# TASK INSTRUCTIONS
What you output must match the entries exactly, apart from the pictures, which are left out.

Images for object localization
= = =
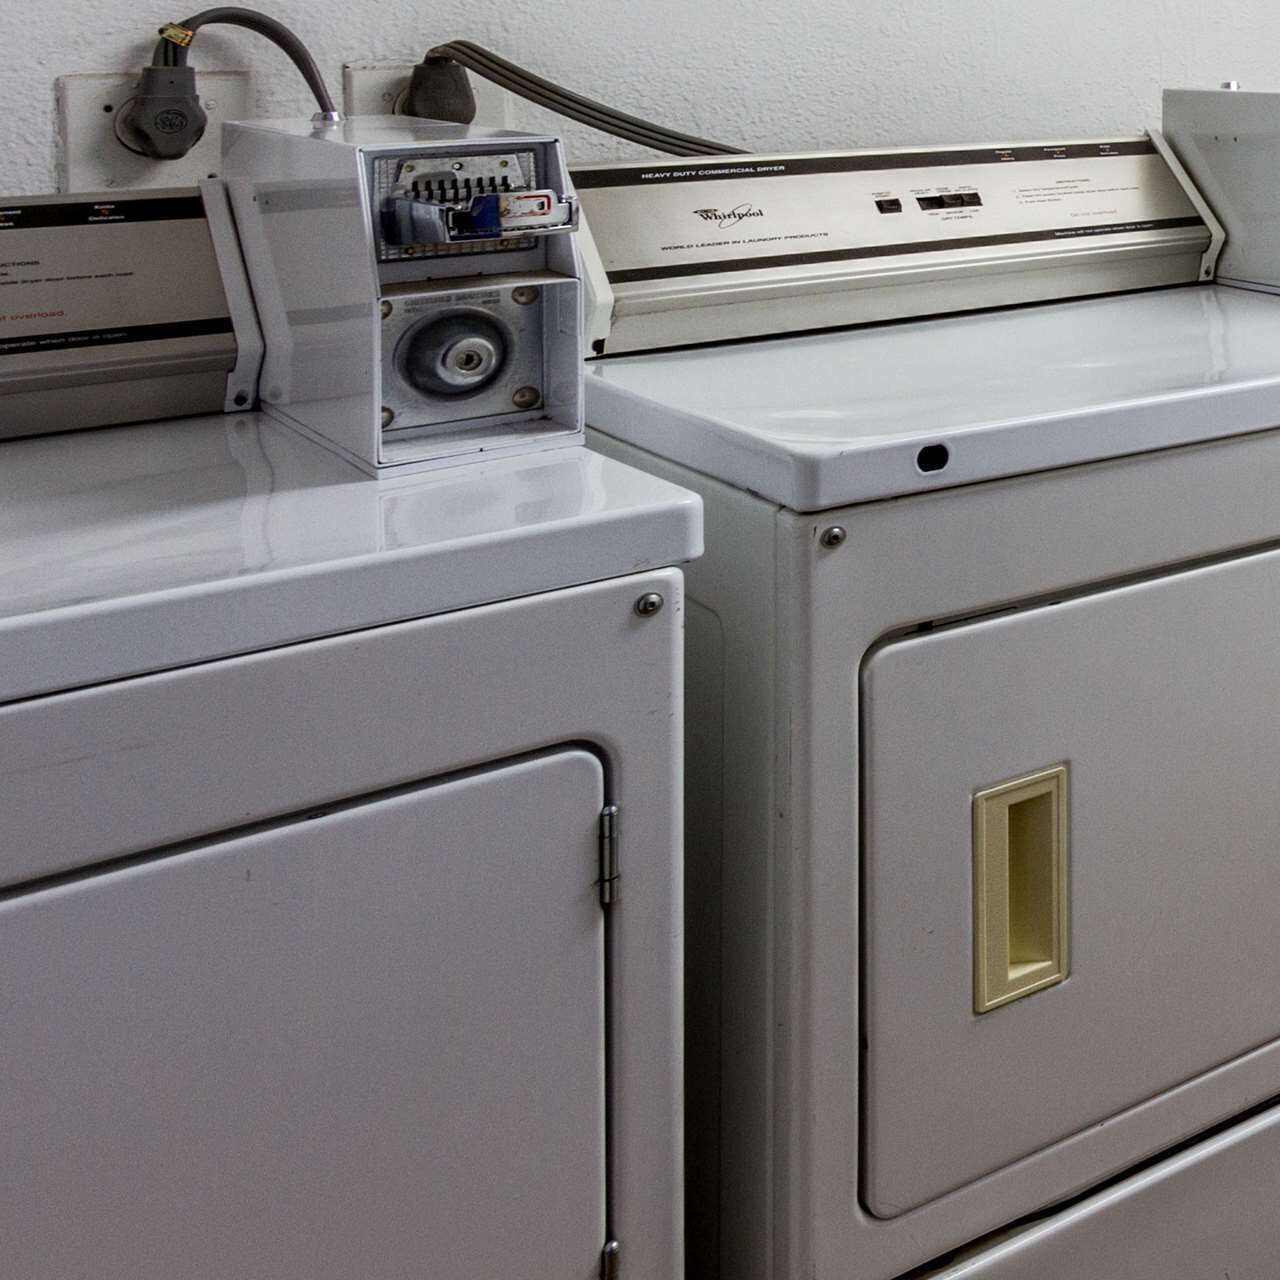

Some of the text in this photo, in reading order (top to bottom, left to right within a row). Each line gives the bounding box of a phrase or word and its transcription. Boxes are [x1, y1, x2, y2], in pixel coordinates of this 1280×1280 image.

[641, 171, 671, 179] HEAVY
[673, 170, 697, 178] DUTY
[698, 167, 755, 176] COMMERCIAL
[700, 209, 764, 222] Whirlpool
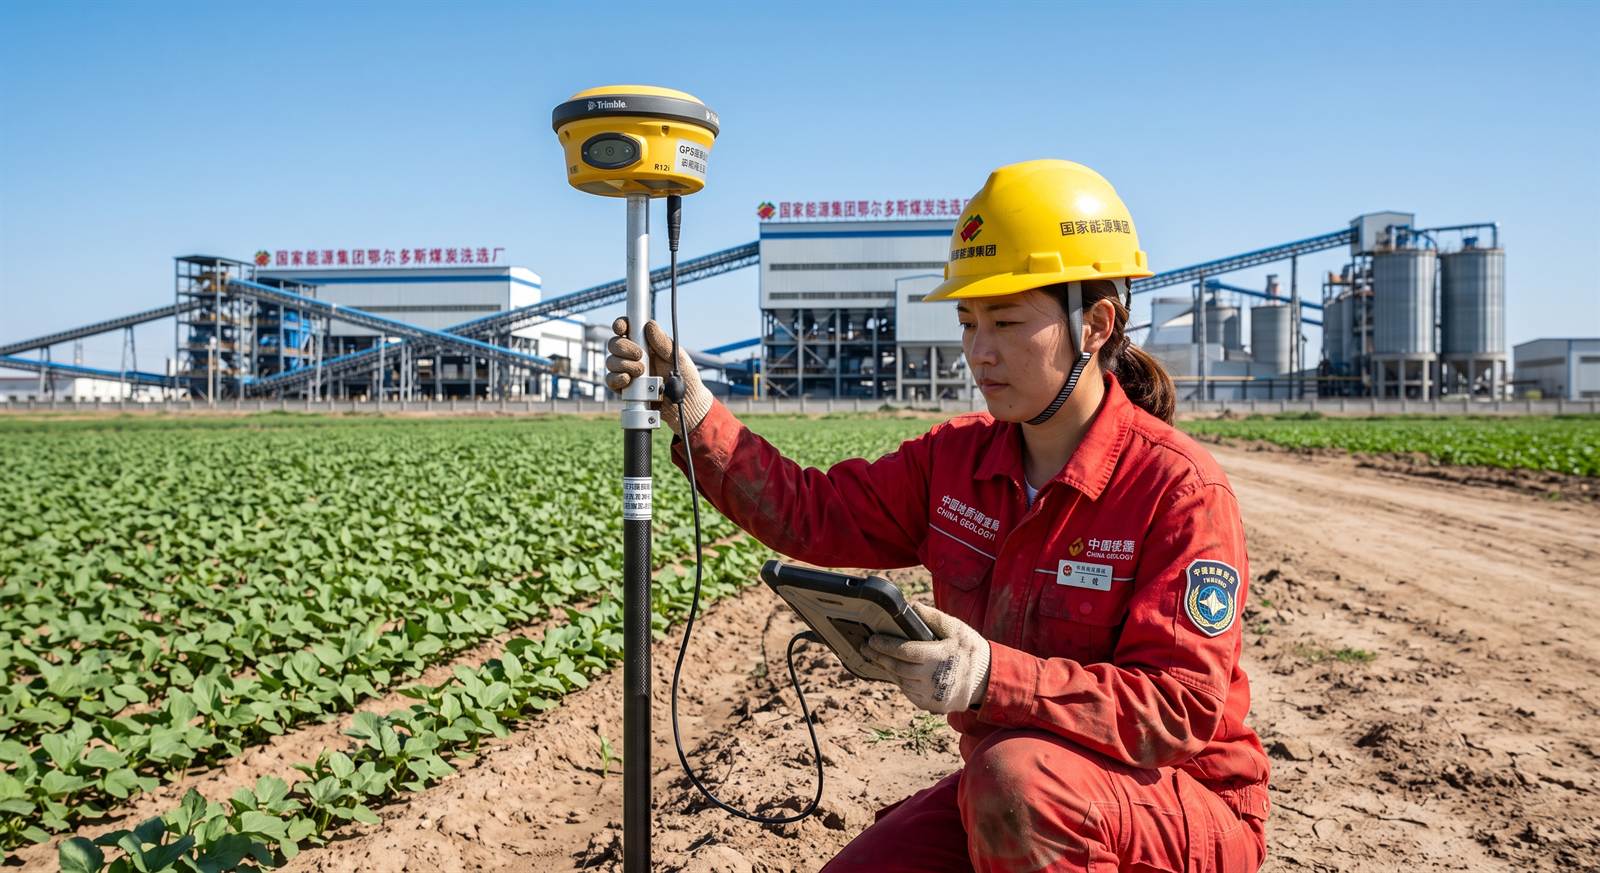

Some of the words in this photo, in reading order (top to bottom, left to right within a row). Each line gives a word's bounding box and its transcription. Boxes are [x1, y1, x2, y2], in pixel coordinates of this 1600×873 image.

[597, 100, 628, 110] Trimble
[779, 198, 969, 218] 国家能源集团鄂尔多斯煤炭洗选
[1060, 219, 1131, 236] 国家能源集团
[275, 247, 505, 266] 国家能源集团鄂尔多斯煤炭洗选厂
[936, 506, 958, 523] CHINA
[1086, 551, 1105, 559] CHINA
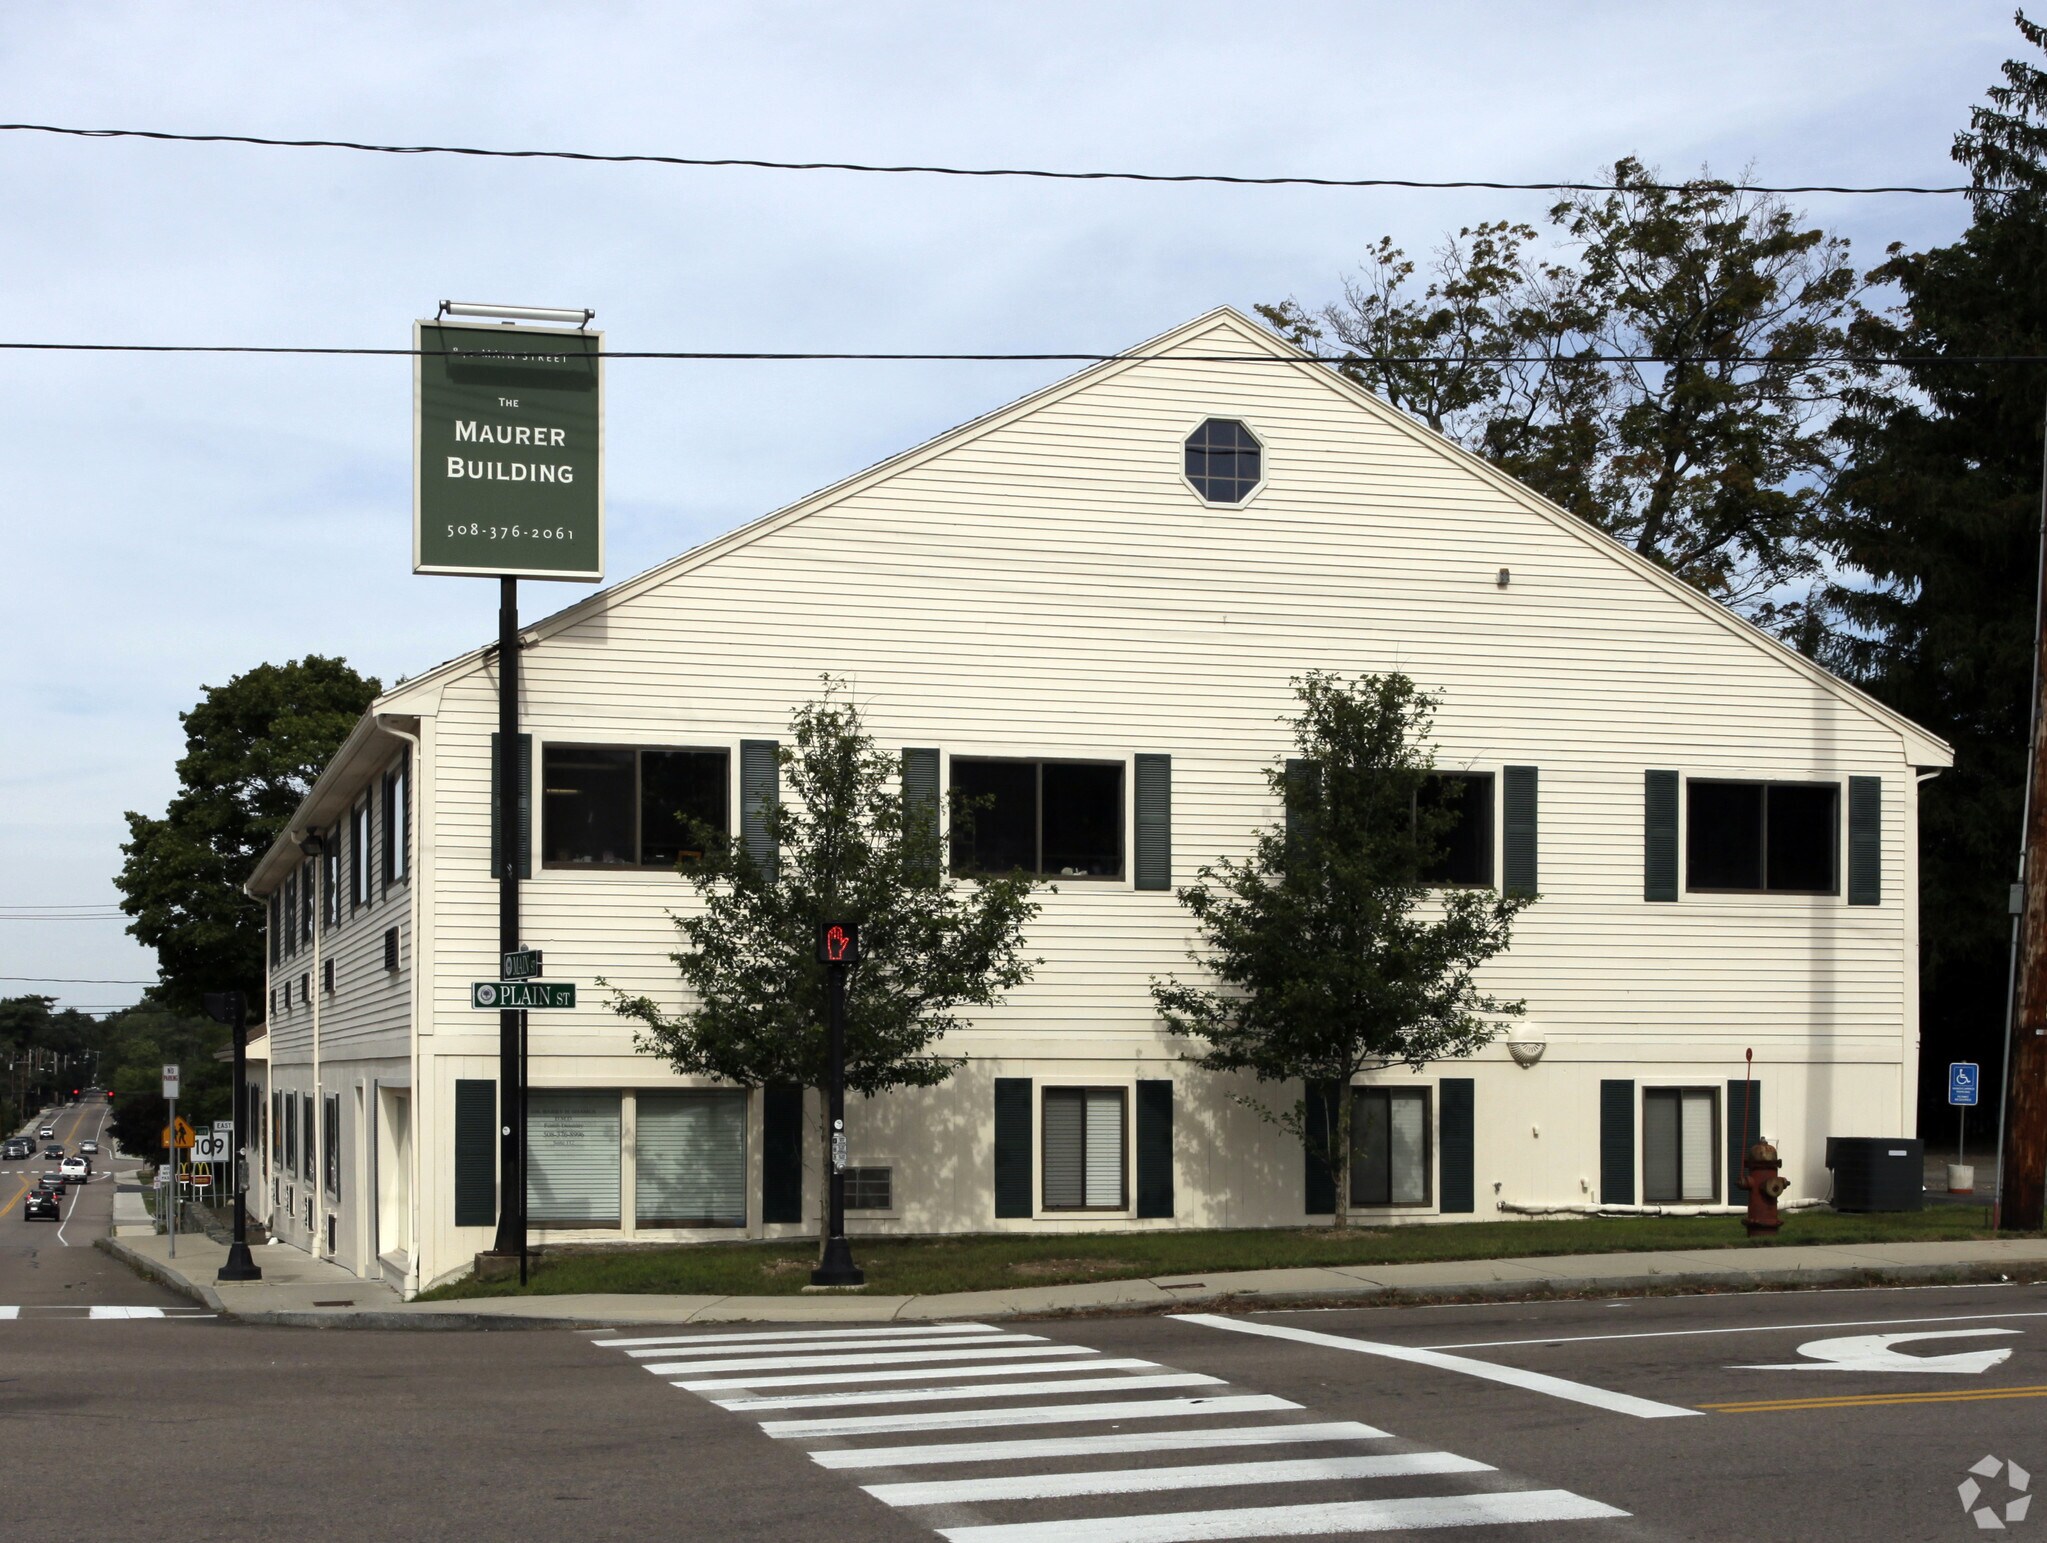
= = =
# WRITTEN REPLY
Some of the text in this photo, in reading order (top to bottom, left to right within a row). Each line gives the bounding box of a phrase or word and its transcription. Boxes are [x1, y1, x2, y2], in pixel coordinates of this 1280×1280 image.

[641, 171, 671, 179] HEAVY
[673, 170, 697, 178] DUTY
[698, 167, 755, 176] COMMERCIAL
[700, 209, 764, 222] Whirlpool

Some of the words in this photo, in reading order (top to bottom, left to right within a row). Each line gives a word's bounding box and its transcription. Boxes are [x1, y1, x2, y2], in pixel coordinates of this 1600×873 image.

[597, 100, 628, 110] Trimble
[779, 198, 969, 218] 国家能源集团鄂尔多斯煤炭洗选
[1060, 219, 1131, 236] 国家能源集团
[275, 247, 505, 266] 国家能源集团鄂尔多斯煤炭洗选厂
[936, 506, 958, 523] CHINA
[1086, 551, 1105, 559] CHINA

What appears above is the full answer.